What the exercise asks
Write out the listing below from the line containing "this 1920×687 image." to its last line, unaltered, ends included.

Given entries
########
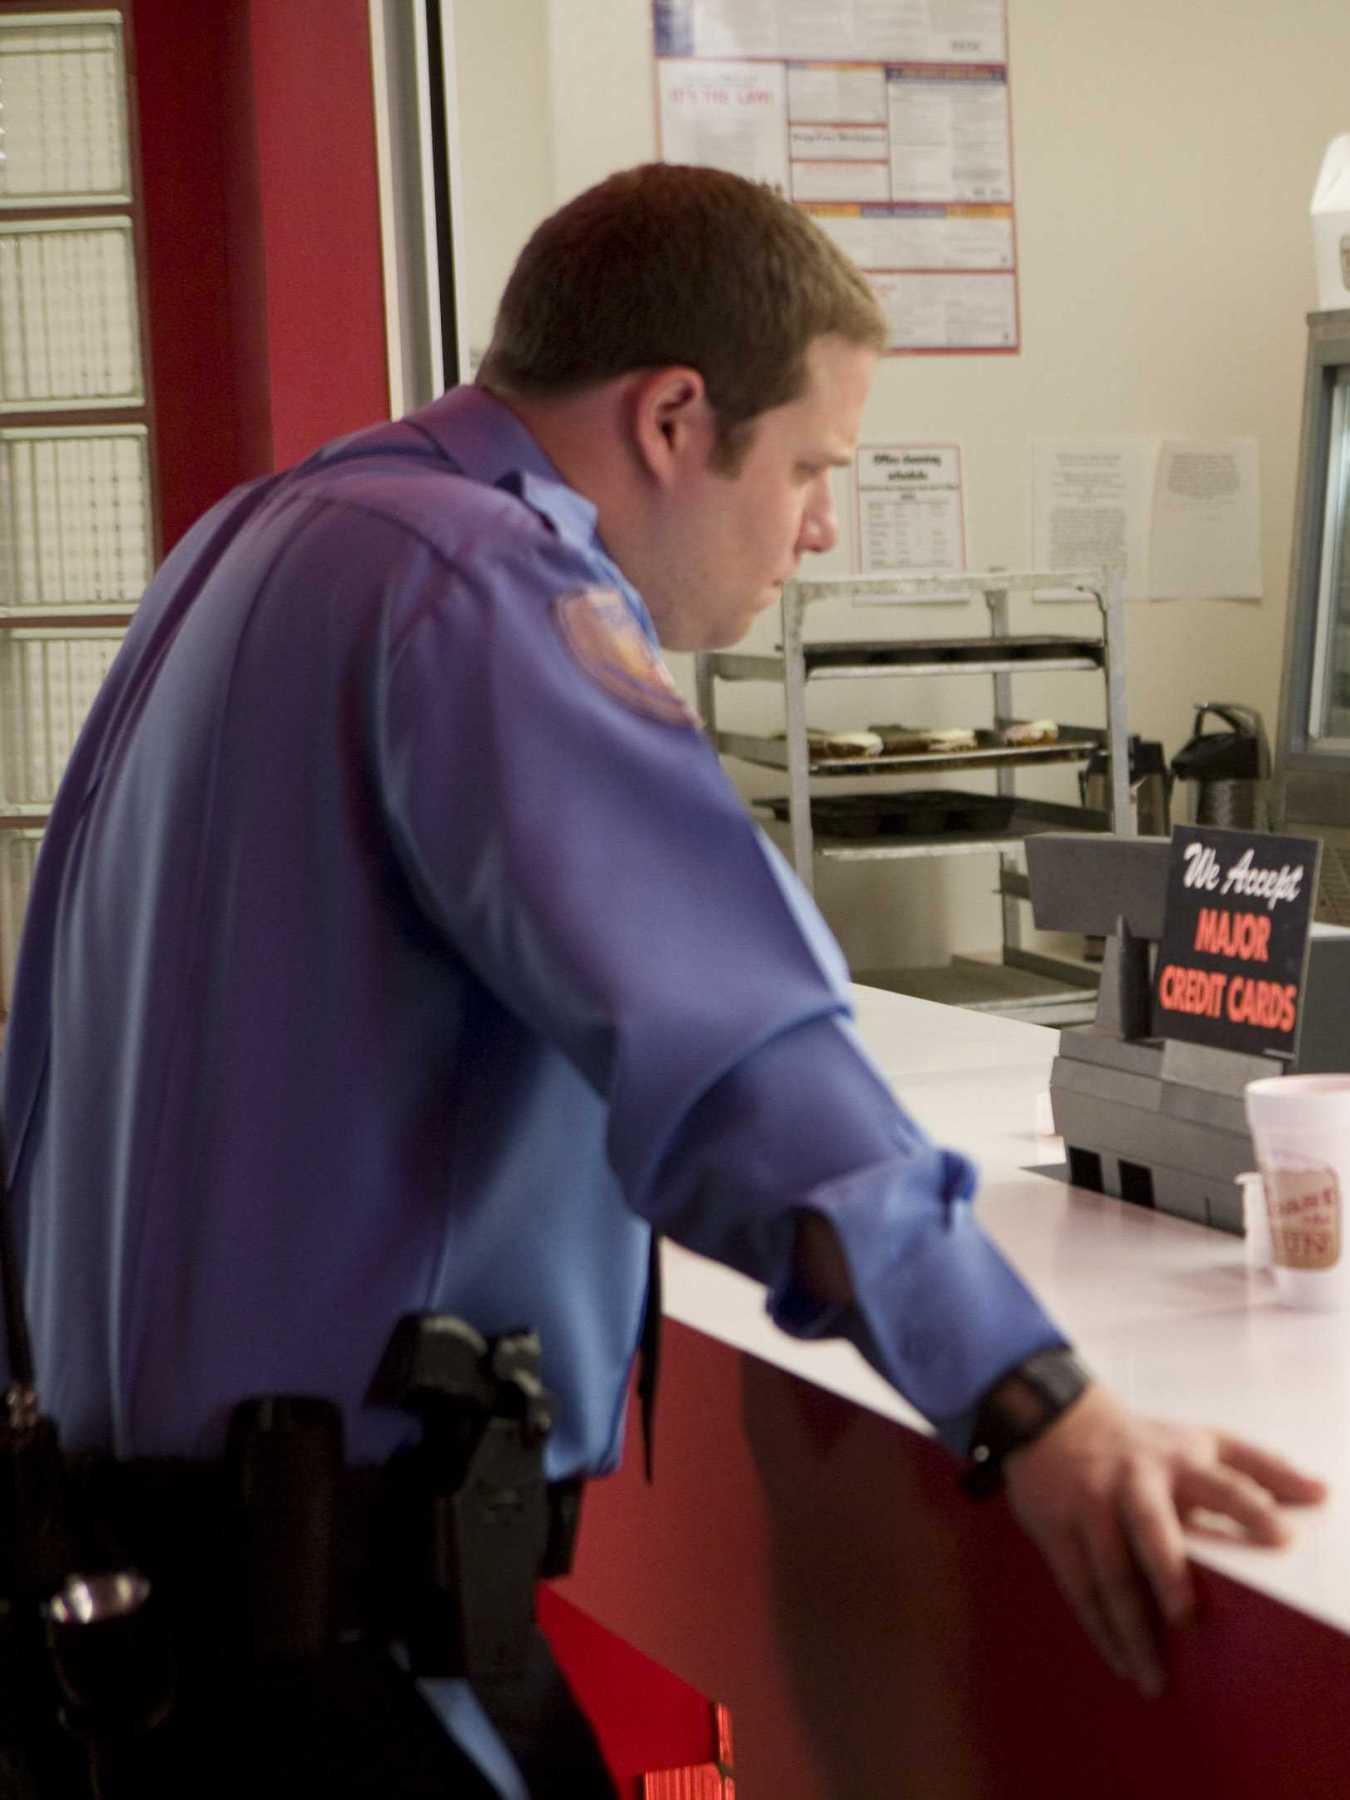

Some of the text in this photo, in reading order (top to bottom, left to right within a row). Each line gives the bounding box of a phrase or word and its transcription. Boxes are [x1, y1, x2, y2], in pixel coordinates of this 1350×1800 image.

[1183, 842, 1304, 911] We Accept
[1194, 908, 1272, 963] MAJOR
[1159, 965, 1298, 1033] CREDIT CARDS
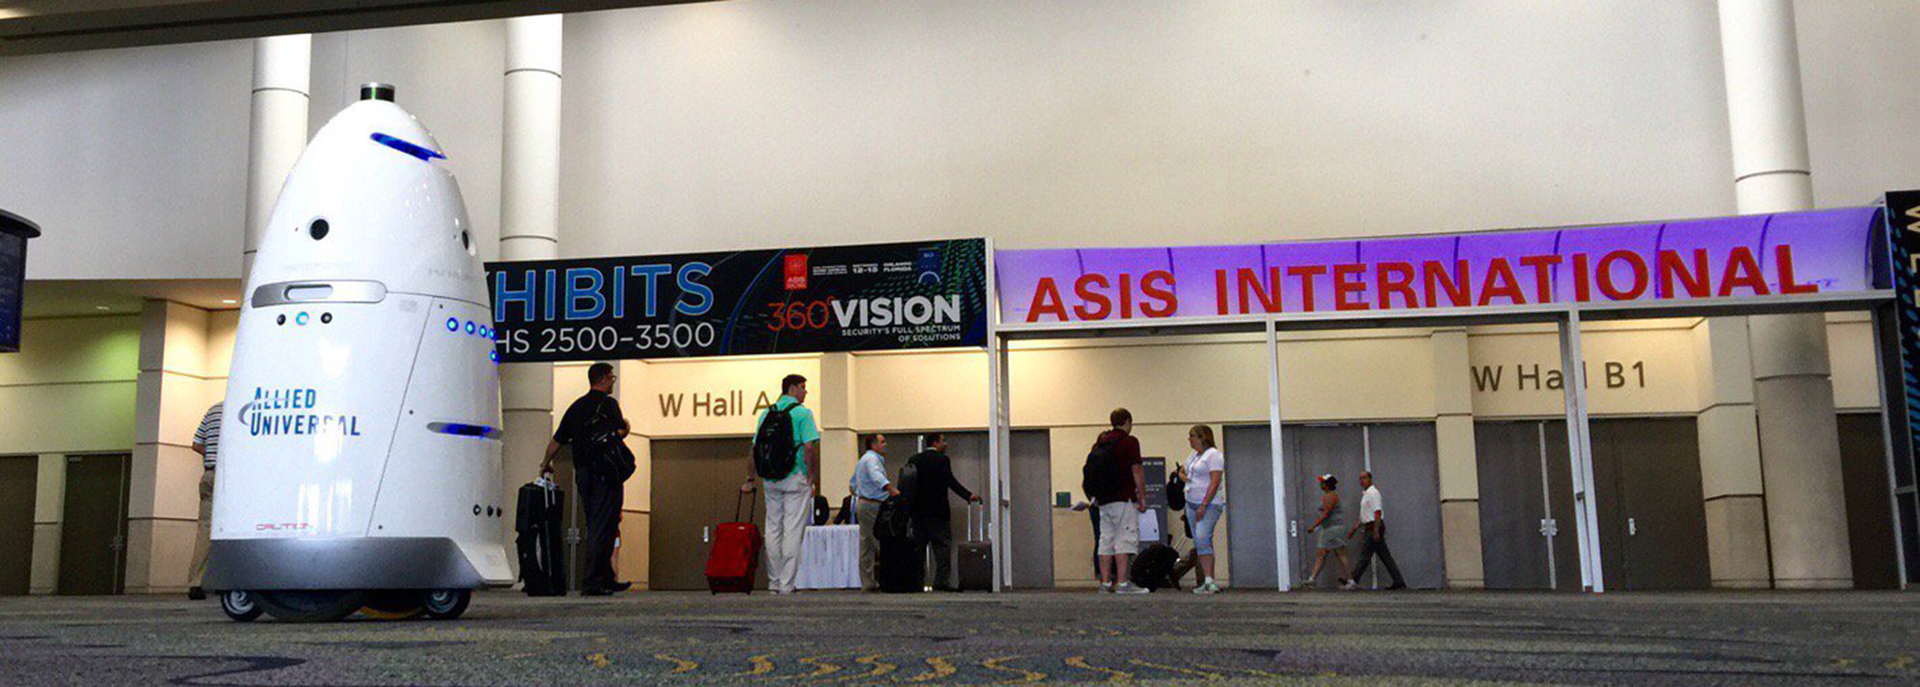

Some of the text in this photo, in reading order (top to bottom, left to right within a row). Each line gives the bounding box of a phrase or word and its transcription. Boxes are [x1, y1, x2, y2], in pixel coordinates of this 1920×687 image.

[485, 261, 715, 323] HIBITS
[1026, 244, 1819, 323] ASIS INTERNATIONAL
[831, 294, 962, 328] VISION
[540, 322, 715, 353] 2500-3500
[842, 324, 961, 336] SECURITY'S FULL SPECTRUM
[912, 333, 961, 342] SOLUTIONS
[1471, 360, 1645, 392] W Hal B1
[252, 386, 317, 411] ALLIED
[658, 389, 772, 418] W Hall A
########
Reply
Some of the text in this photo, in reading order (top to bottom, left to right within a row). Each line gives the bounding box of a phrase or word and its transcription. Boxes are [x1, y1, x2, y2], in pixel coordinates of this 1920×687 image.

[485, 261, 715, 323] HIBITS
[1026, 244, 1819, 323] ASIS INTERNATIONAL
[831, 294, 962, 328] VISION
[540, 322, 715, 353] 2500-3500
[842, 324, 961, 336] SECURITY'S FULL SPECTRUM
[912, 333, 961, 342] SOLUTIONS
[1471, 360, 1645, 392] W Hal B1
[252, 386, 317, 411] ALLIED
[658, 389, 772, 418] W Hall A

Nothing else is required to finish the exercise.